→ **What is required**: For each record below, set it down exactly but leave out any picture.

Items from a data source:
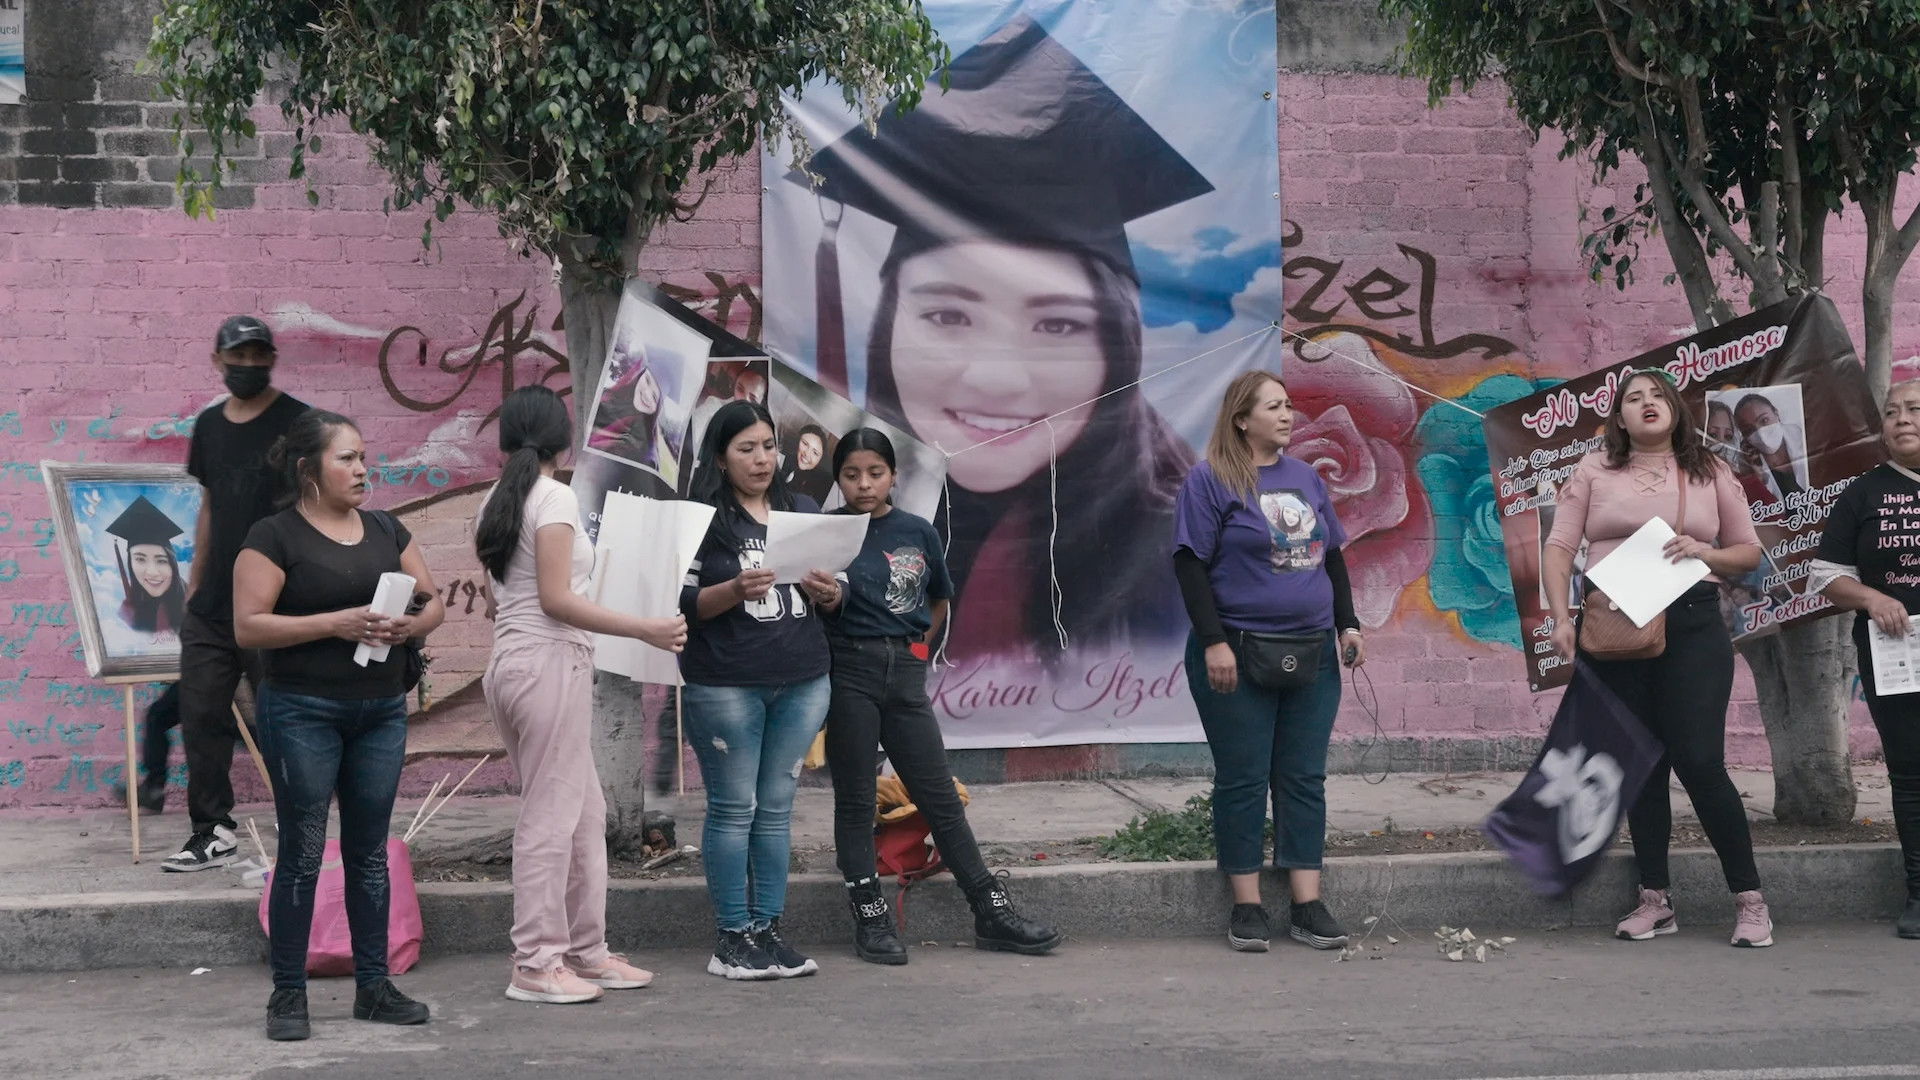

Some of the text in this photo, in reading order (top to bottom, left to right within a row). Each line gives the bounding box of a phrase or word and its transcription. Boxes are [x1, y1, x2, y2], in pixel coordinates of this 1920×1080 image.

[1522, 388, 1579, 438] Mi
[1663, 325, 1788, 392] Hermosa
[1530, 448, 1559, 469] Dios
[1560, 438, 1585, 459] sabe
[1501, 481, 1513, 498] te
[1526, 488, 1557, 509] mundo
[1750, 500, 1785, 522] Eres
[1785, 485, 1822, 510] todo
[1877, 508, 1894, 516] Tu
[1880, 520, 1897, 531] En
[1771, 530, 1823, 559] el dolo
[1742, 596, 1771, 632] Te
[931, 651, 1185, 720] Karen Itzel
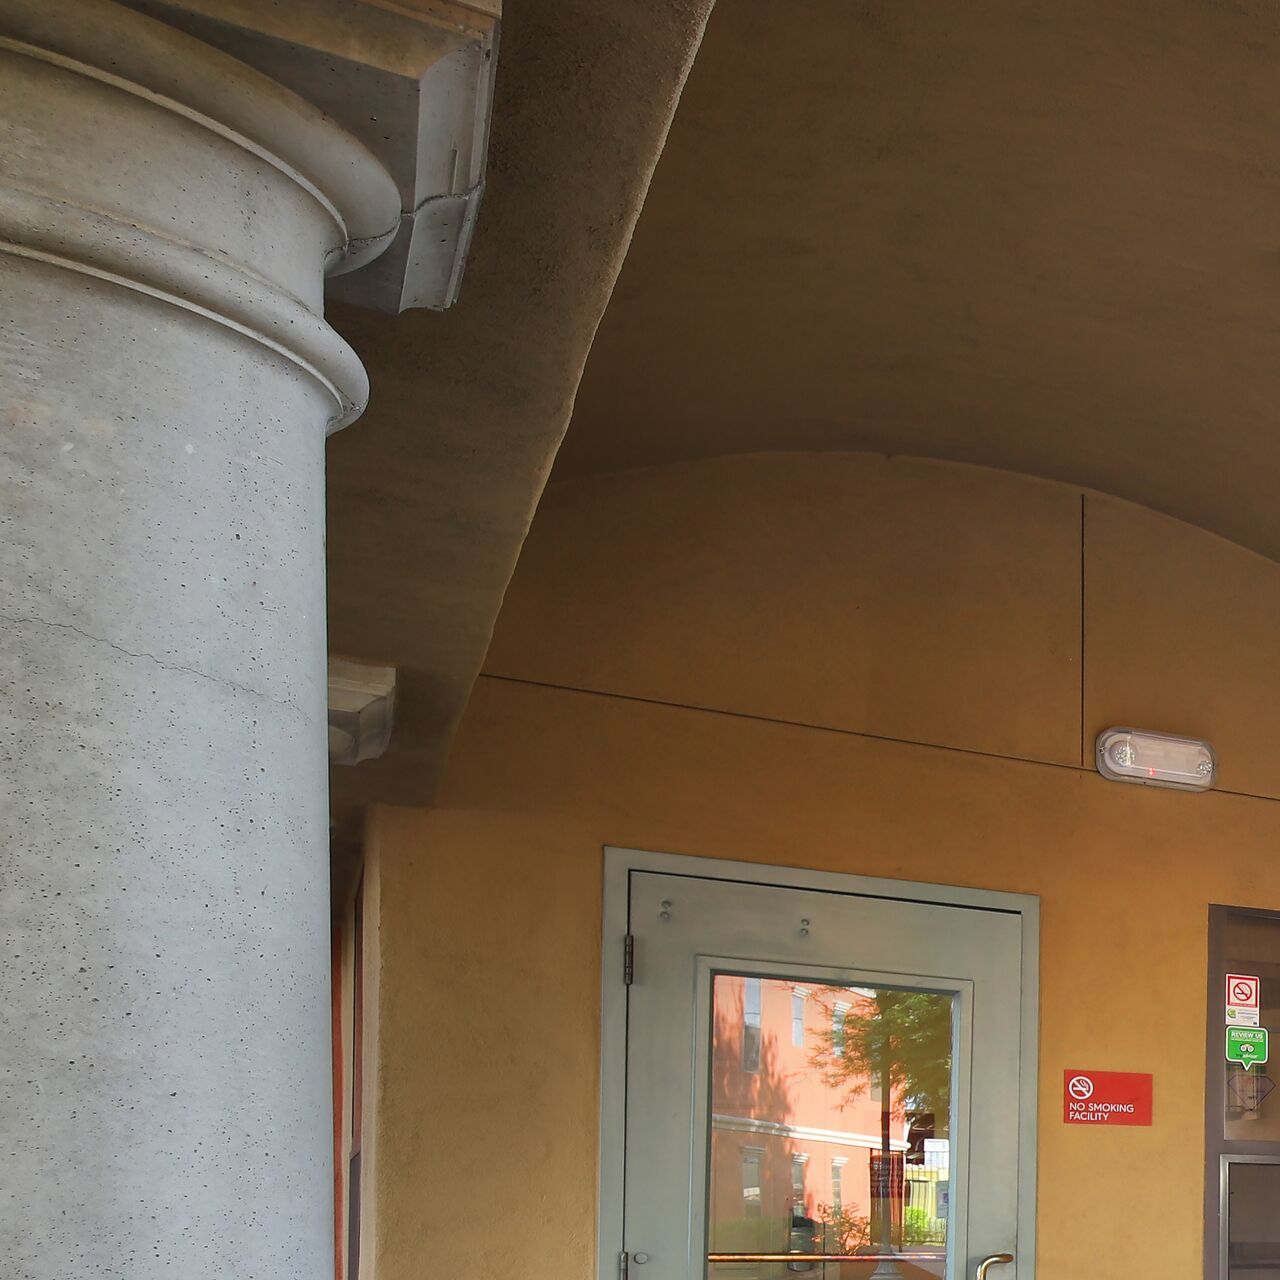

→ **Result of the task**:
Some of the text in this photo, in reading order (top to bottom, left to right within a row). Each line gives the bounding box of a phrase or word and its transcription. Boxes are [x1, y1, x2, y2], in pixel coordinates of this 1920×1080 image.

[1522, 388, 1579, 438] Mi
[1663, 325, 1788, 392] Hermosa
[1530, 448, 1559, 469] Dios
[1560, 438, 1585, 459] sabe
[1501, 481, 1513, 498] te
[1526, 488, 1557, 509] mundo
[1750, 500, 1785, 522] Eres
[1785, 485, 1822, 510] todo
[1877, 508, 1894, 516] Tu
[1880, 520, 1897, 531] En
[1771, 530, 1823, 559] el dolo
[1742, 596, 1771, 632] Te
[931, 651, 1185, 720] Karen Itzel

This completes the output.